The AbstractReader implements a consistent workflow for all aerosol instruments:

  1. Data Ingestion - Read raw instrument files
  2. Format Detection - Automatically identify data structure
  3. Quality Control - Apply built-in validation and filtering
  4. Standardization - Convert to unified output format
  5. Metadata Handling - Preserve instrument and measurement metadata

Usage Pattern

While you can use AbstractReader directly, it's typically accessed through the RawDataReader factory function which automatically selects the appropriate reader based on your instrument type.

Key Features

  • Flexible Input Handling - Supports various file formats and structures
  • Built-in Quality Control - Configurable data validation and filtering
  • Metadata Preservation - Maintains instrument configuration and measurement context
  • Extensible Design - Easy to subclass for new instruments
  • Error Handling - Robust error reporting and recovery

Implementation Note

AbstractReader is an abstract base class. For actual data reading, use instrument-specific implementations or the RawDataReader factory function.

API Reference

AeroViz.rawDataReader.core.AbstractReader

AbstractReader(path: Path | str, reset: bool | str = False, qc: bool | str = True, **kwargs)

Bases: ABC

Abstract class for reading raw data from different instruments.

This class serves as a base class for reading raw data from various instruments. Each instrument should have a separate class that inherits from this class and implements the abstract methods. The abstract methods are _raw_reader and _QC.

The class handles file management, including reading from and writing to pickle files, and implements quality control measures. It can process data in both batch and streaming modes.

Attributes:

Name Type Description
nam str

Name identifier for the reader class

path Path

Path to the raw data files

meta dict

Metadata configuration for the instrument

logger ReaderLogger

Custom logger instance for the reader

reset bool

Flag to indicate whether to reset existing processed data

append bool

Flag to indicate whether to append new data to existing processed data

qc bool or str

Quality control settings

qc_freq str or None

Frequency for quality control calculations

Initialize the AbstractReader.

Parameters:

Name Type Description Default
path Path or str

Path to the directory containing raw data files

required
reset bool or str

If True, forces re-reading of raw data If 'append', appends new data to existing processed data

False
qc bool or str

If True, performs quality control If str, specifies the frequency for QC calculations

True
**kwargs dict

Additional keyword arguments: log_level : str Logging level for the reader suppress_warnings : bool If True, suppresses warning messages

{}
Notes

Creates necessary output directories and initializes logging system.
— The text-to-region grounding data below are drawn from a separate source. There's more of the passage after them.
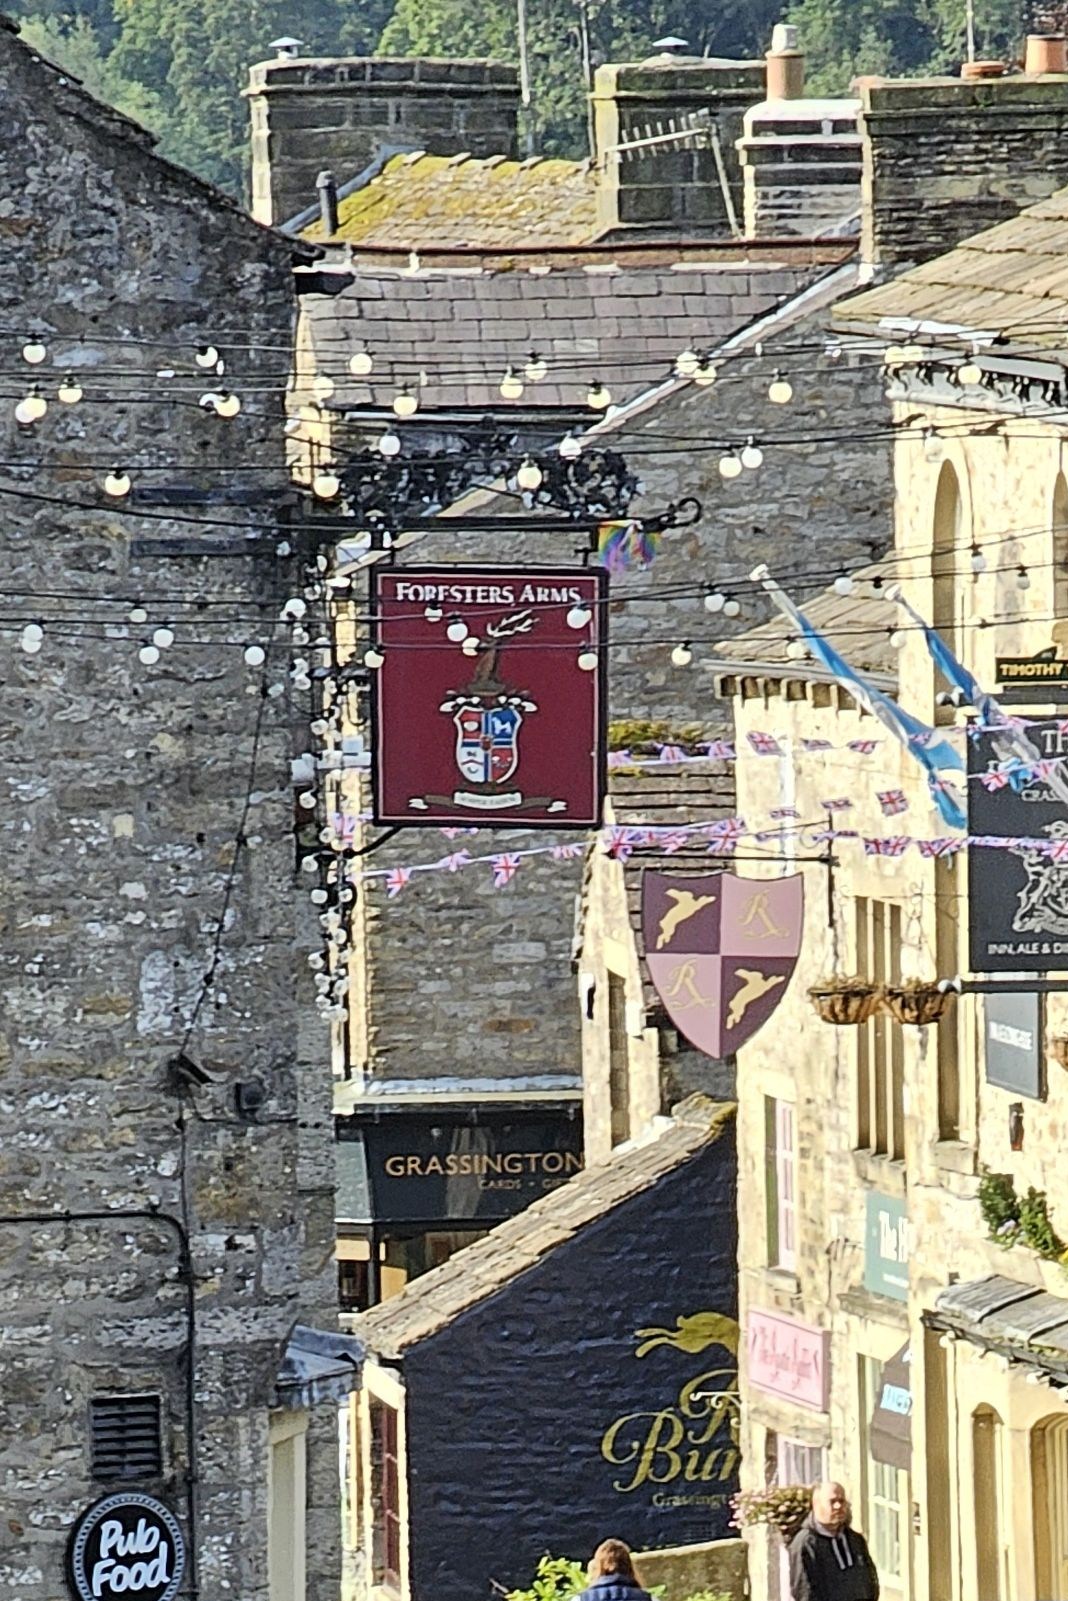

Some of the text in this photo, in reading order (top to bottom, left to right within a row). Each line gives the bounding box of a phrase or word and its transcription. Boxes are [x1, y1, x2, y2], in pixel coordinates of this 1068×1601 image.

[396, 583, 581, 603] FORESTERS ARMS
[1000, 663, 1063, 677] TIMOTHY
[1016, 942, 1039, 954] ALE
[1041, 942, 1051, 954] &
[385, 1152, 585, 1176] GRASSINGTON
[100, 1517, 160, 1559] Pub
[92, 1541, 171, 1597] Food
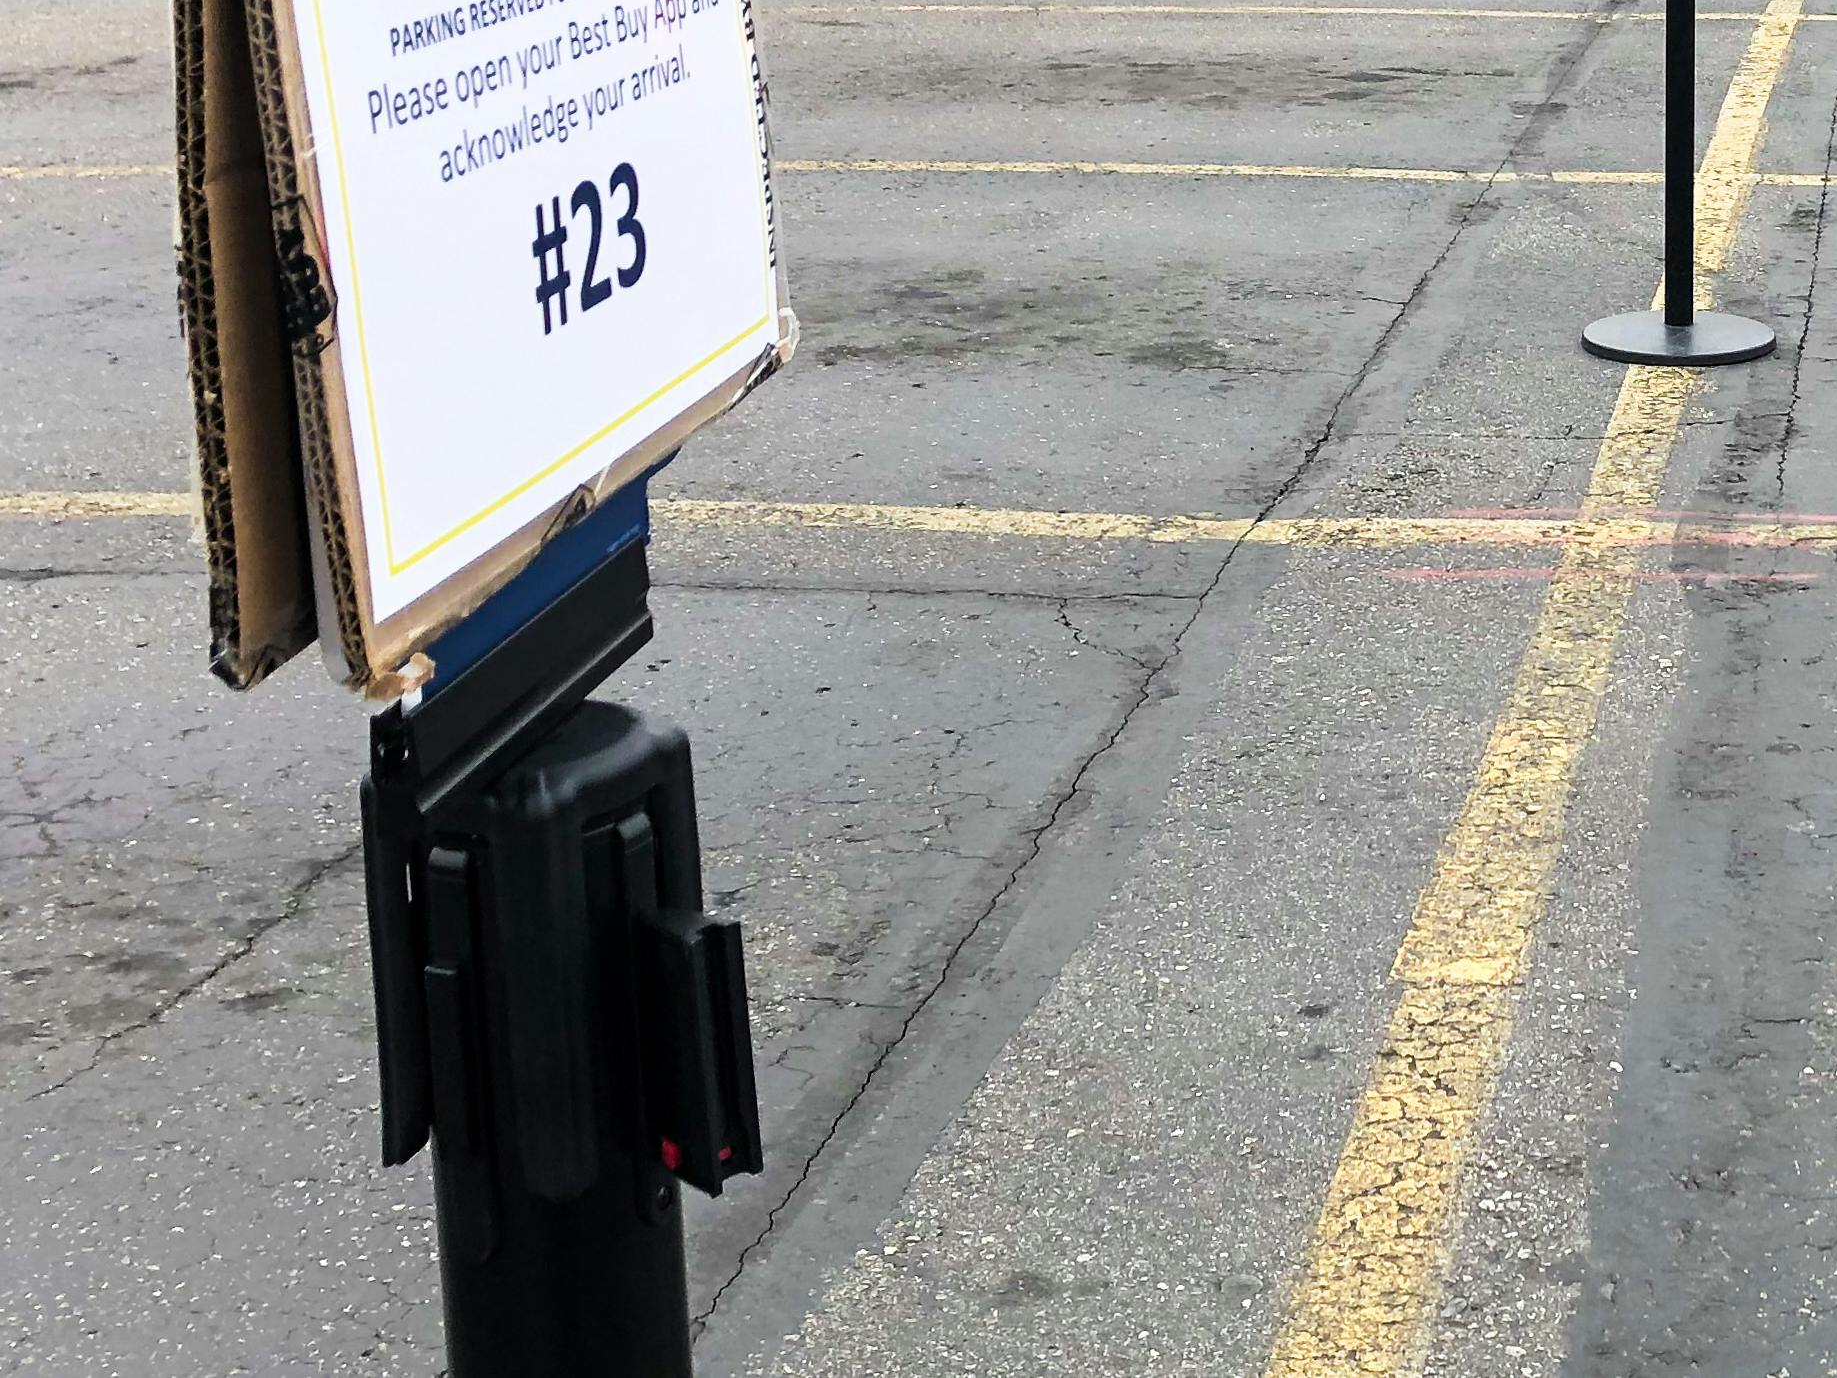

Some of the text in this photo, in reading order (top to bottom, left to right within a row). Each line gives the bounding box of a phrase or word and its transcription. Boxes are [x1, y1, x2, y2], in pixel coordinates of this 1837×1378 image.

[368, 78, 449, 134] Please
[455, 55, 513, 109] open
[516, 36, 563, 90] your
[568, 14, 612, 60] Best
[615, 4, 648, 43] Buy
[390, 7, 466, 57] PARKING
[440, 43, 692, 183] acknowledge your arrival.
[532, 162, 647, 336] #23
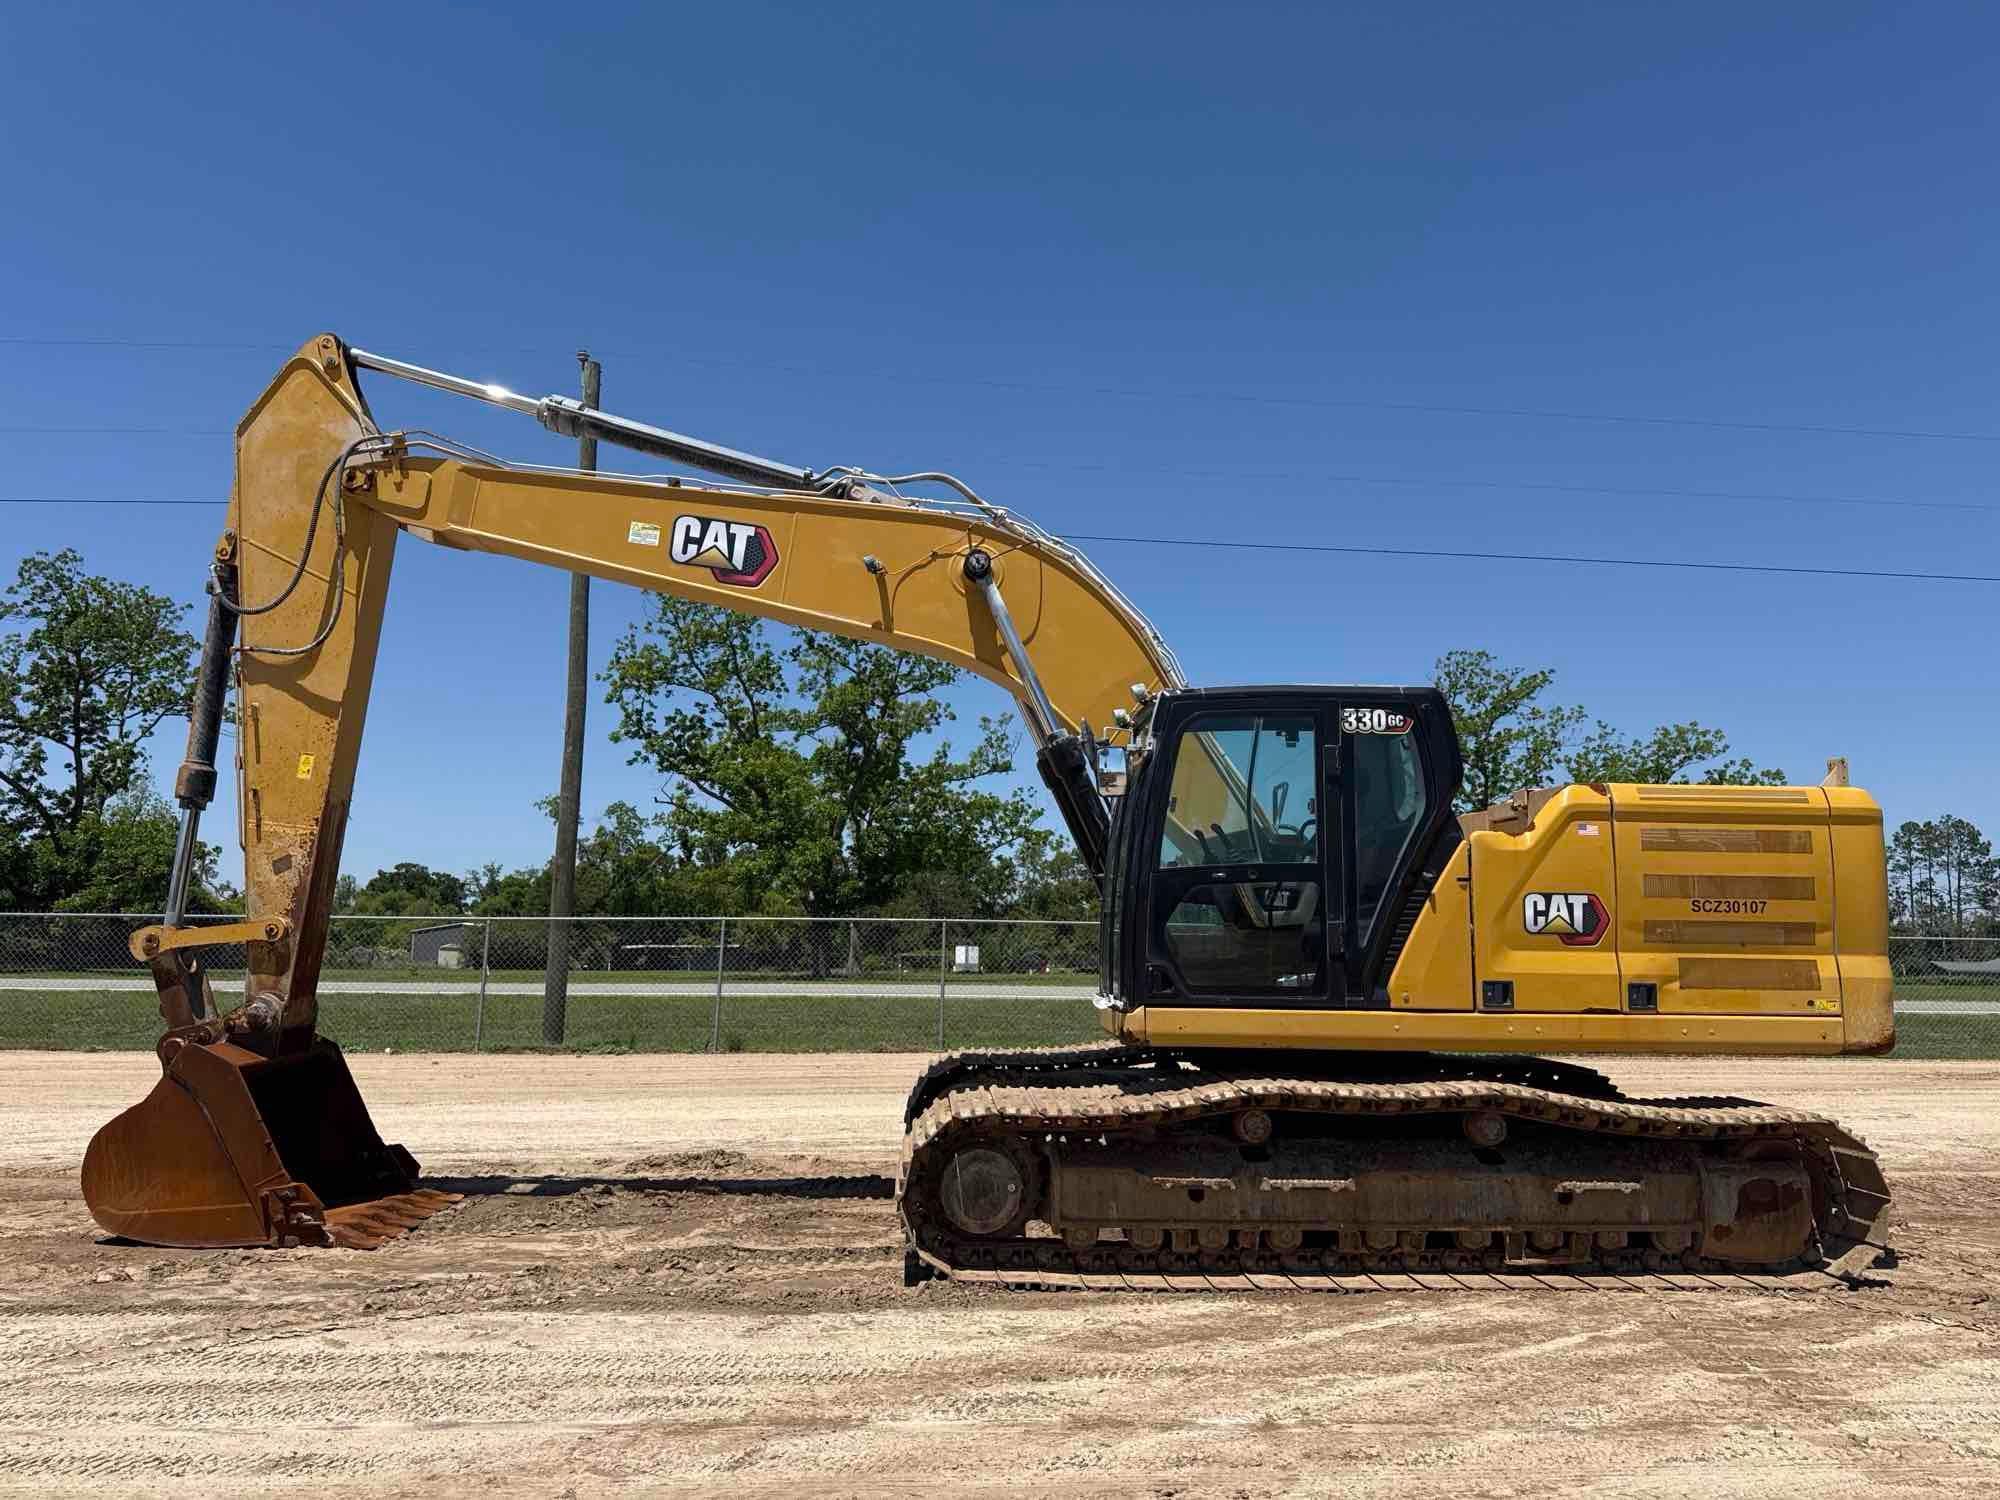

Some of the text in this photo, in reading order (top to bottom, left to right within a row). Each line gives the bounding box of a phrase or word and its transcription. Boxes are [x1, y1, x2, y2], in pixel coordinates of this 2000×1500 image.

Sets up paths for pickle files, CSV files, and report outputs.

Attributes

append instance-attribute
append = reset == 'append'
csv_nam instance-attribute
csv_nam = output_folder / f'_read_{lower()}_qc.csv'
csv_nam_raw instance-attribute
csv_nam_raw = output_folder / f'_read_{lower()}_raw.csv'
csv_out instance-attribute
csv_out = output_folder / f'output_{lower()}.csv'
kwargs instance-attribute
kwargs = kwargs
logger instance-attribute
logger = ReaderLogger(nam, output_folder, upper() if not get('suppress_warnings') else 'ERROR')
meta instance-attribute
meta = meta[nam]
nam class-attribute instance-attribute
nam = 'AbstractReader'
path instance-attribute
path = Path(path)
pkl_nam instance-attribute
pkl_nam = output_folder / f'_read_{lower()}_qc.pkl'
pkl_nam_raw instance-attribute
pkl_nam_raw = output_folder / f'_read_{lower()}_raw.pkl'
qc instance-attribute
qc = qc
qc_freq instance-attribute
qc_freq = qc if isinstance(qc, str) else None
report_out instance-attribute
report_out = output_folder / 'report.json'
reset instance-attribute
reset = reset is True

Functions

QC_control staticmethod
QC_control()
_QC abstractmethod
_QC(df: DataFrame) -> DataFrame

Abstract method for quality control processing.

Parameters:

Name Type Description Default
df DataFrame

Input DataFrame containing raw data

required

Returns:

Type Description
DataFrame

Quality controlled data with QC_Flag column

Notes

Must be implemented by child classes to handle instrument-specific QC. This method should only check raw data quality (status, range, completeness). Derived parameter validation should be done in _process().

__call__
__call__(start: datetime, end: datetime, mean_freq: str = '1h') -> DataFrame

Process data for a specified time range.

Parameters:

Name Type Description Default
start datetime

Start time for data processing

required
end datetime

End time for data processing

required
mean_freq str

Frequency for resampling the data

'1h'

Returns:

Type Description
DataFrame

Processed and resampled data for the specified time range

Notes

The processed data is also saved to a CSV file.

_generate_report
_generate_report(raw_data, qc_data, qc_flag=None) -> None

Calculate and log data quality rates for different time periods.

Parameters:

Name Type Description Default
raw_data DataFrame

Raw data before quality control

required
qc_data DataFrame

Data after quality control

required
qc_flag Series

QC flag series indicating validity of each row

None
Notes

Calculates rates for specified QC frequency if set. Updates the quality report with calculated rates.

_outlier_process
_outlier_process(_df)

Process outliers in the data.

Parameters:

Name Type Description Default
_df DataFrame

Input DataFrame containing potential outliers

required

Returns:

Type Description
DataFrame

DataFrame with outliers processed

Notes

Implementation depends on specific instrument requirements.

_process
_process(df: DataFrame) -> DataFrame

Process data to calculate derived parameters.

This method is called after _QC() to calculate instrument-specific derived parameters (e.g., absorption coefficients, AAE, SAE).

Parameters:

Name Type Description Default
df DataFrame

Quality-controlled DataFrame with QC_Flag column

required

Returns:

Type Description
DataFrame

DataFrame with derived parameters added and QC_Flag updated

Notes

Default implementation returns the input unchanged. Override in child classes to implement instrument-specific processing.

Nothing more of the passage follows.